Explanation of Responses:

* If the form is filed by more than one reporting person, see Instruction 4(b)(v).
** Intentional misstatements or omissions of facts constitute Federal Criminal Violations. See 18 U.S.C. 1001 and 15 U.S.C. 78ff(a).
(1) The total direct beneficial ownership reflects a decrease of 1,253 shares due to the transfer of 1,253 shares into the reporting person's joint trust on 01/30/13.
(2) The total direct beneficial ownership reflects an increase of 101 shares due to the correction of shares withheld for taxes from 02/14/13.
(3) The total beneficial ownership includes 1.6557 shares at $22.2791 per share acquired through dividends paid in shares on 04/03/13 under the HP 2011 Employee Stock Purchase Plan ("ESPP") with respect to shares held under the ESPP. The total beneficial ownership also includes the acquisition of 0.05100 shares at $22.0621 per share received on 04/05/13 through dividends paid in shares.
(4) The total indirect beneficial ownership reflects an increase of 1,253 shares due to the transfer of 1,253 shares previously reported as being held directly by the reporting person into his joint trust 01/30/13.
(5) Each restricted stock unit represents a contingent right to receive one share of HP common stock.
(6) As previously reported, on 12/10/10 the reporting person was granted 8,000 restricted stock units ("RSUs"), 2,666 of which vested on 12/10/11, 2,667 of which vested on 12/10/12, and 2,667 of which will vest on 12/10/13. Dividend equivalent rights accrue with respect to these RSUs when and as dividends are paid on HP common stock. The 16.0677 dividend equivalent rights being reported reflect 16.0677 dividend equivalent rights at $21.91 per RSU credited to the reporting person's account on 04/03/13.

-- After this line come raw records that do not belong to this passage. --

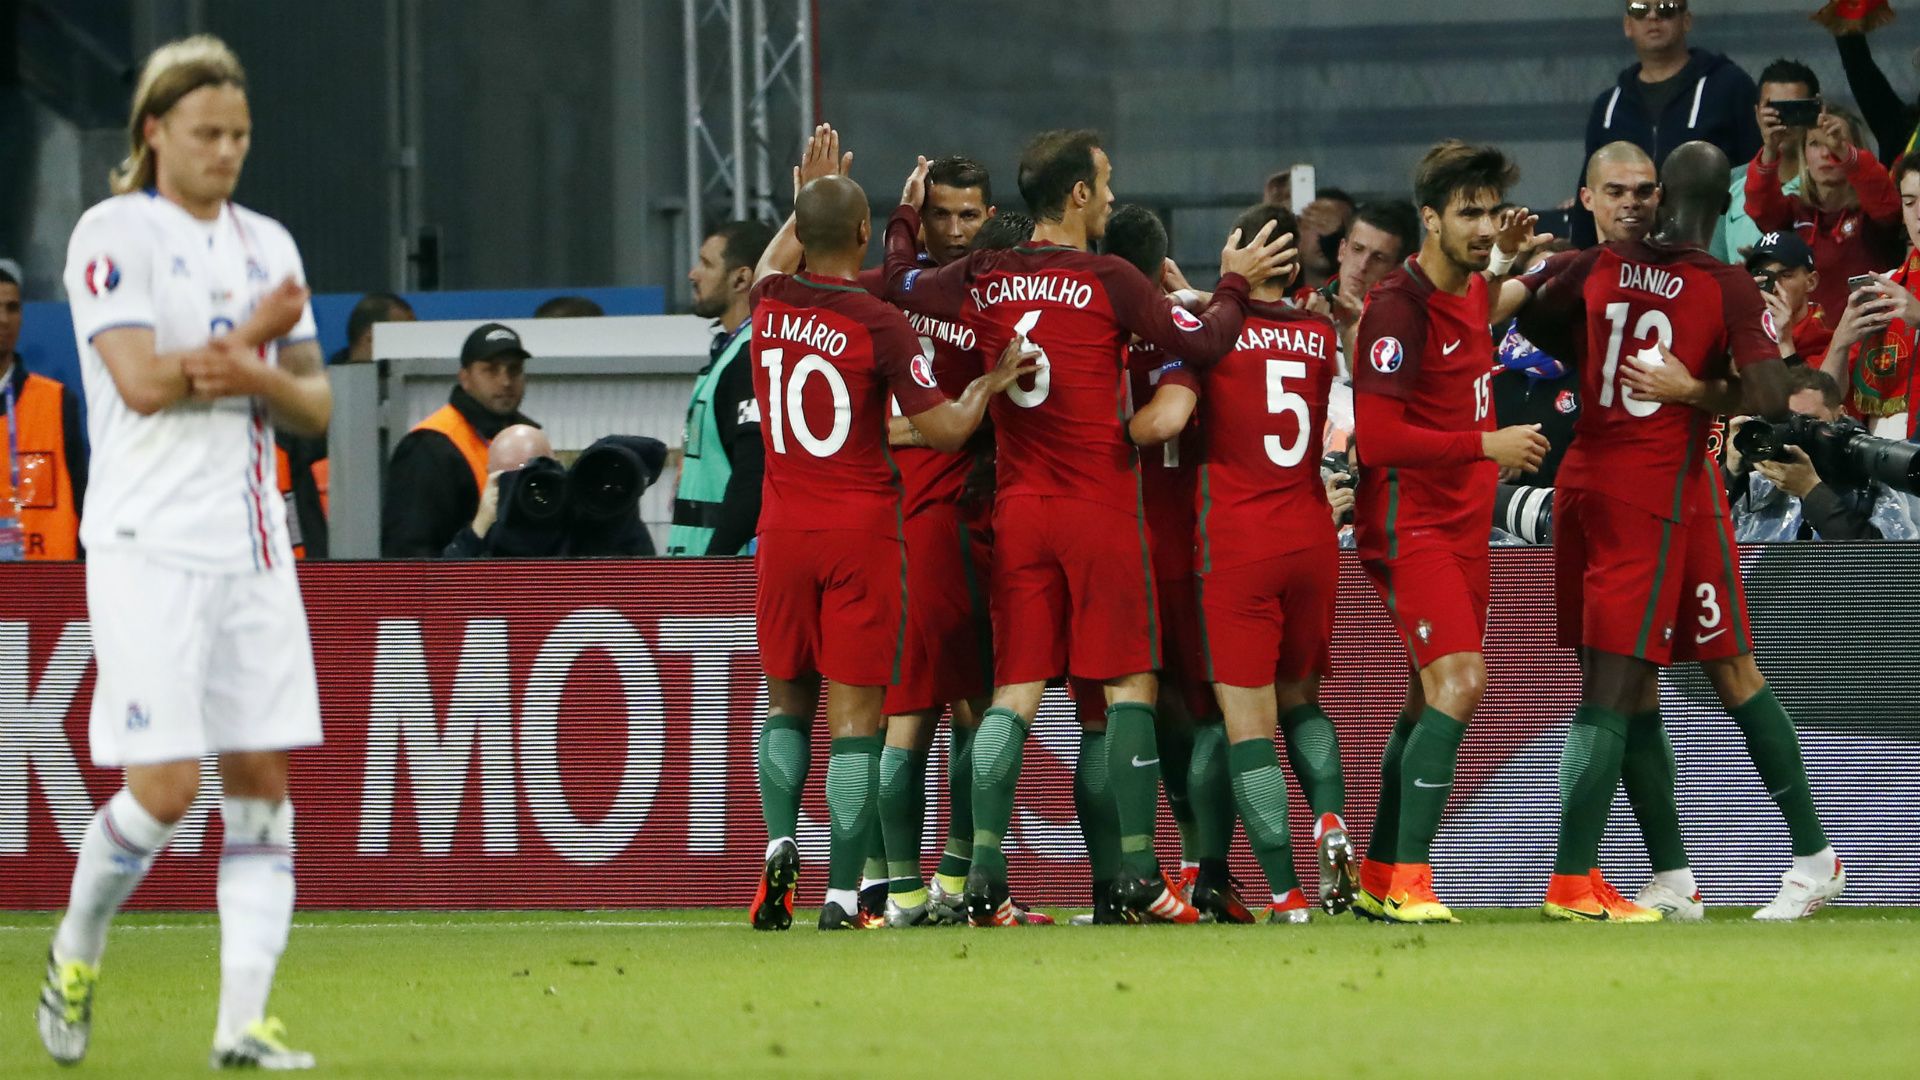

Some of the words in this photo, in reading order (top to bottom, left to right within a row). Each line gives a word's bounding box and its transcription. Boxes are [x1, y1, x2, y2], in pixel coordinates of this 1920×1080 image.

[1619, 262, 1684, 300] DANILO
[761, 312, 777, 338] J.
[780, 313, 848, 357] MÁRIO
[1006, 309, 1051, 409] 6
[1599, 302, 1673, 417] 13
[761, 347, 852, 458] 10
[1263, 358, 1312, 469] 5
[1473, 371, 1491, 422] 15
[1695, 582, 1721, 629] 3

(7) As previously reported, on 08/01/11 the reporting person was granted 30,000 restricted stock units ("RSUs"), 7,500 of which vested on 10/31/11, 15,000 of which vested on 10/31/12, and 7,500 of which vested on 04/30/13. Dividend equivalent rights accrue with respect to these RSUs when and as dividends are paid on HP common stock. The number of derivative securities beneficially owned immediately prior to the transaction being reported includes 45.1848 dividend equivalent rights at $21.91 per RSU credited to the reporting person's account on 04/03/13. These RSUs vested on 04/30/13, at which time the vested shares were delivered to the reporting person.
(8) The number of derivative securities in column 5 includes 443 vested dividend equivalent rights and a deminimus adjustment of 0.9031 due to fractional rounding of the dividend equivalent rights.

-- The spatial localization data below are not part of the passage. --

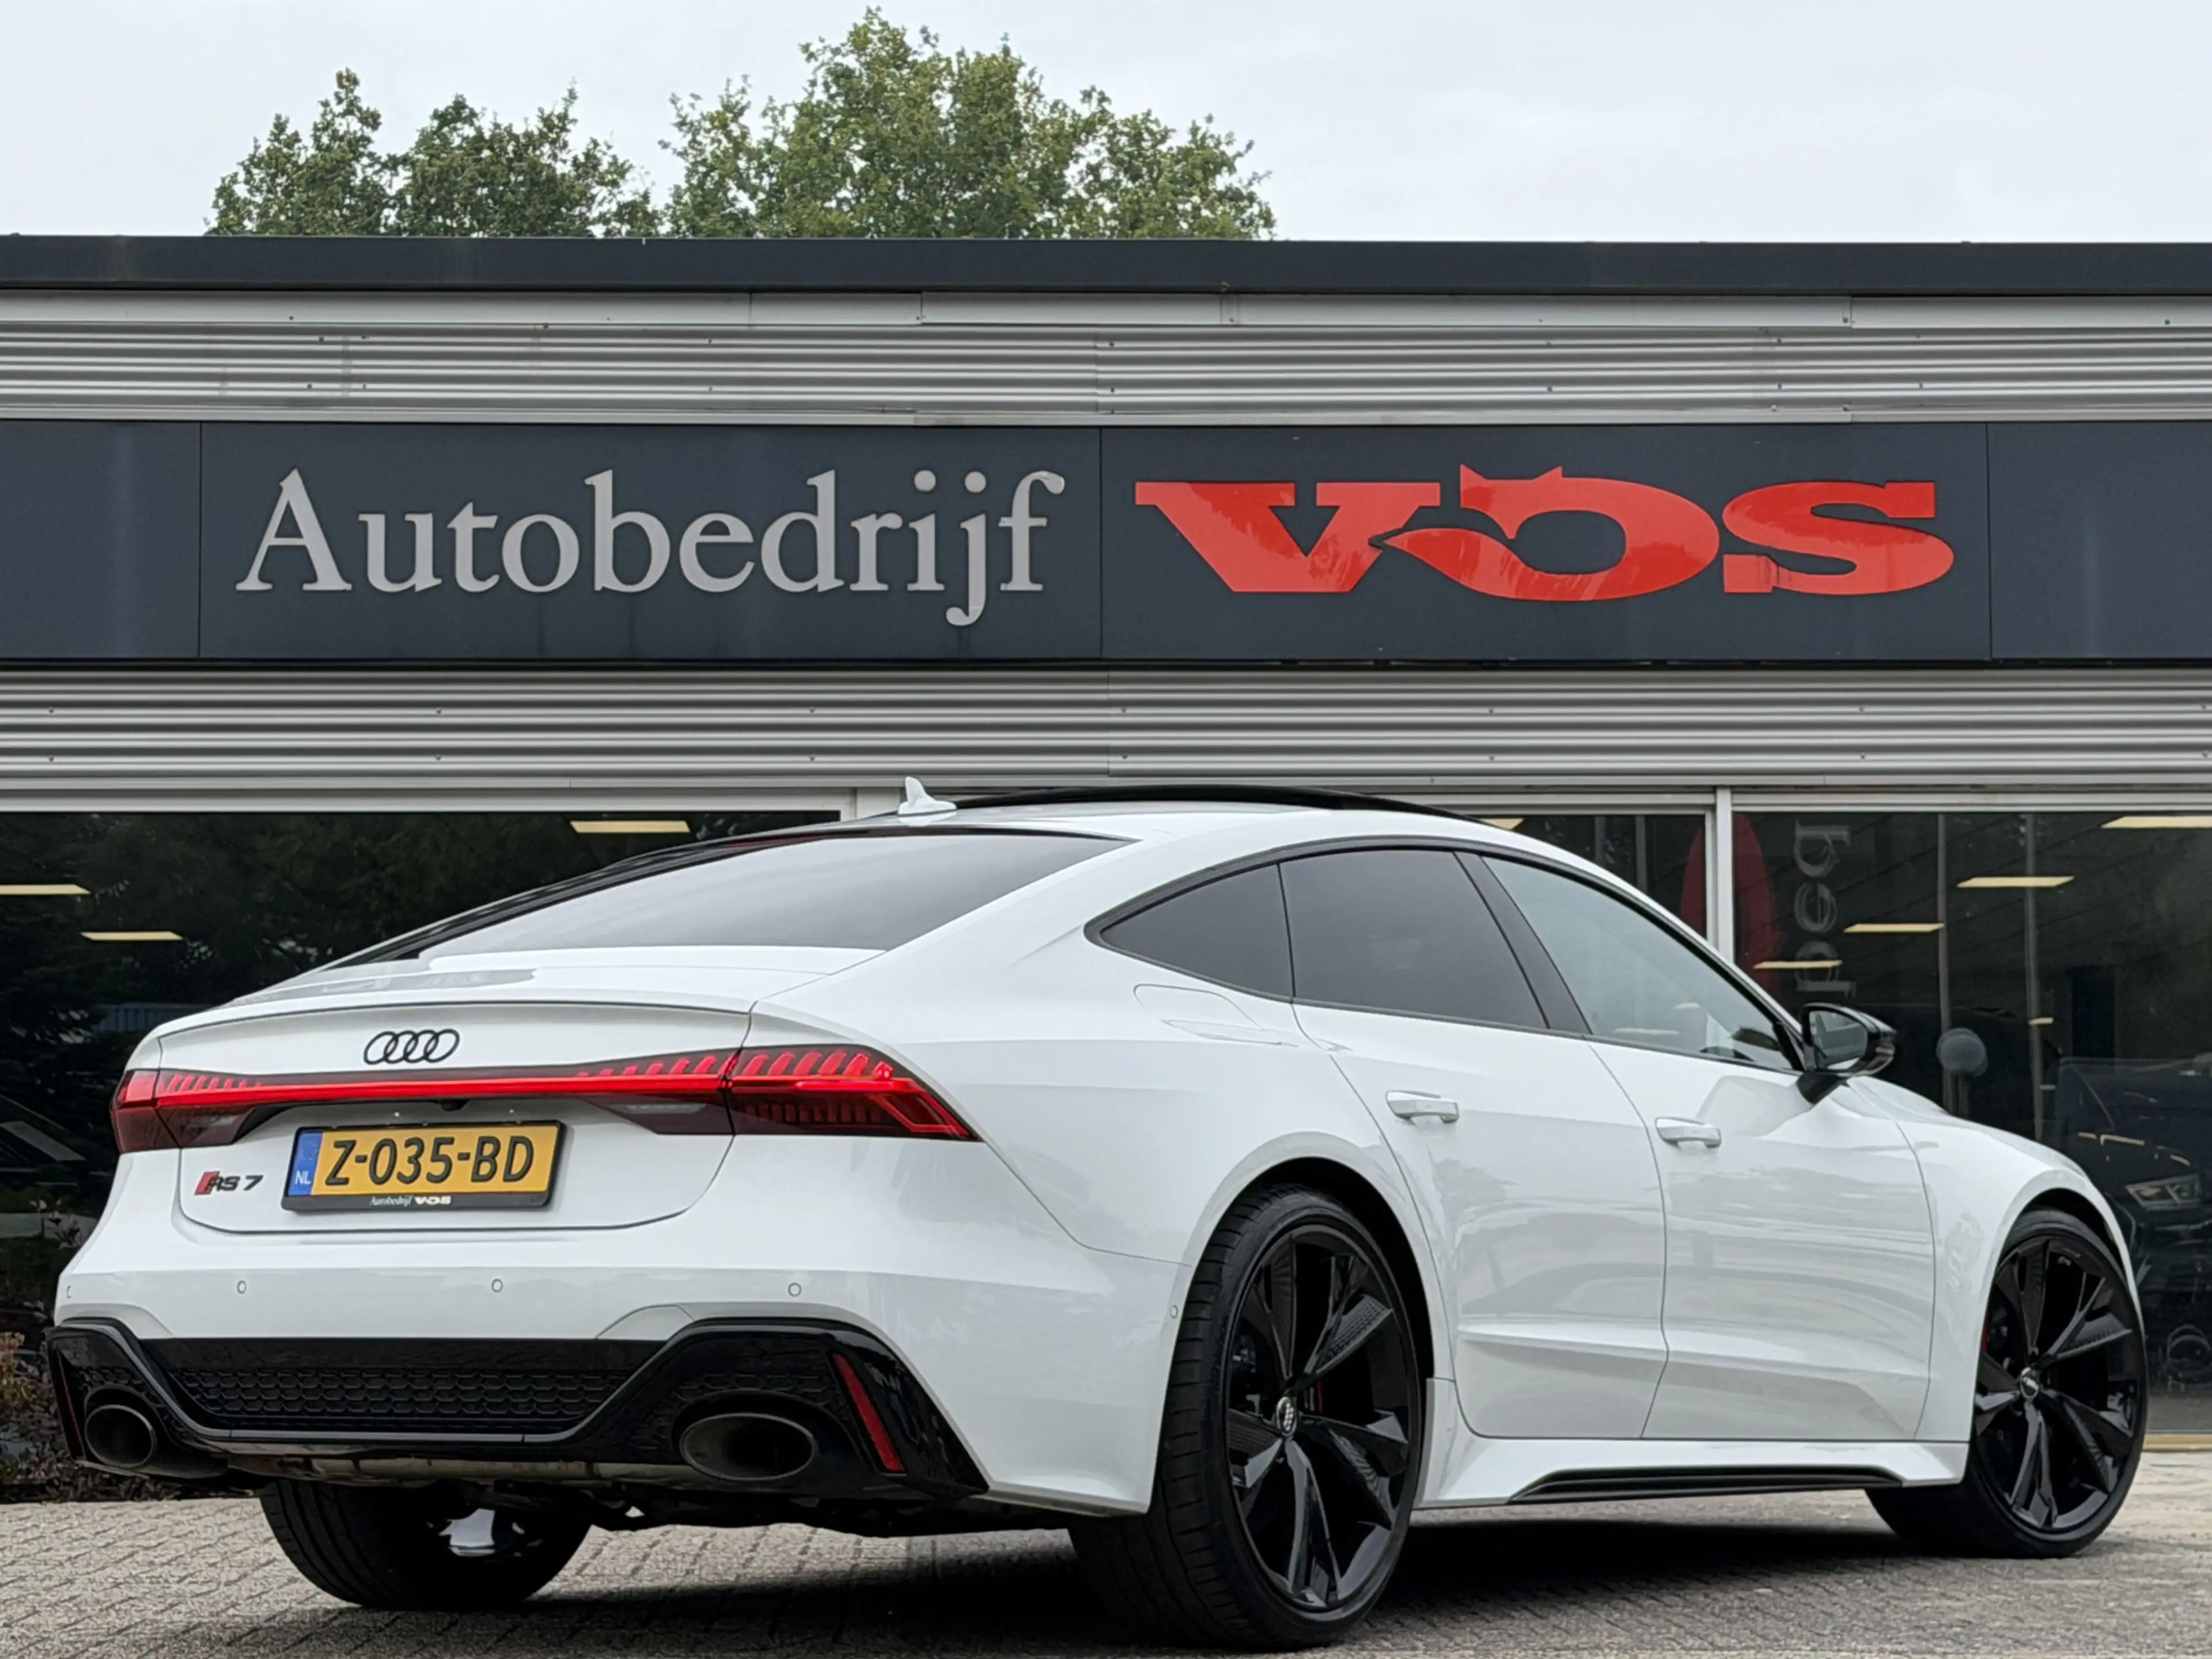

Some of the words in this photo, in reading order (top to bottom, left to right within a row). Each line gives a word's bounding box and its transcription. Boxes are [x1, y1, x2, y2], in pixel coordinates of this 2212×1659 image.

[236, 468, 1065, 626] Autobedrijf
[1135, 464, 1954, 601] VOS
[325, 1135, 535, 1186] Z-035-BD
[295, 1170, 312, 1185] NL
[415, 1195, 451, 1205] VOS

(9) As previously reported, on 12/07/11 the reporting person was granted 14,000 restricted stock units ("RSUs"), 4,666 of which vested on 12/07/12, and 4,667 of which will vest on each of 12/07/13 and 12/07/14. Dividend equivalent rights accrue with respect to these RSUs when and as dividends are paid on HP common stock. The 56.2340 dividend equivalent rights being reported reflect 56.2340 dividend equivalent rights at $21.91 per RSU credited to the reporting person's account on 04/03/13.
(10) As previously reported, on 09/19/12 the reporting person was granted 27,625 restricted stock units ("RSUs"), 13,812 of which will vest on 09/19/13, and 13,813 of which will vest on 09/19/14. Dividend equivalent rights accrue with respect to these RSUs when and as dividends are paid on HP common stock. The 166.4309 dividend equivalent rights being reported reflect 166.4309 dividend equivalent rights at $21.91 per RSU credited to the reporting person's account on 04/03/13.

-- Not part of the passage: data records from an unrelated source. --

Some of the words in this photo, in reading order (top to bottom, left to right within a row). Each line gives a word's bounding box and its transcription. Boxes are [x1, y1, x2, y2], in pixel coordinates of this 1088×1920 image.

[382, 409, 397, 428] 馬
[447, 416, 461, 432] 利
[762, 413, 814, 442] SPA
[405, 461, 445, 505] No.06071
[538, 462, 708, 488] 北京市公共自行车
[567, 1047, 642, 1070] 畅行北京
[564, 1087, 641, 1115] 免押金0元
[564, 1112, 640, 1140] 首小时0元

(11) As previously reported, on 01/16/13 the reporting person was granted 61,012 restricted stock units ("RSUs"), 20,337 of which will vest on each of 01/16/14 and 01/16/15, and 20,338 of which will vest on 01/16/16. Dividend equivalent rights accrue with respect to these RSUs when and as dividends are paid on HP common stock. The 367.5757 dividend equivalent rights being reported reflect 367.5757 dividend equivalent rights at $21.91 per RSU credited to the reporting person's account on 04/03/13.

Note: File three copies of this Form, one of which must be manually signed. If space is insufficient, see Instruction 6 for procedure.

Potential persons who are to respond to the collection of information contained in this form are not required to respond unless the form displays a currently valid OMB number.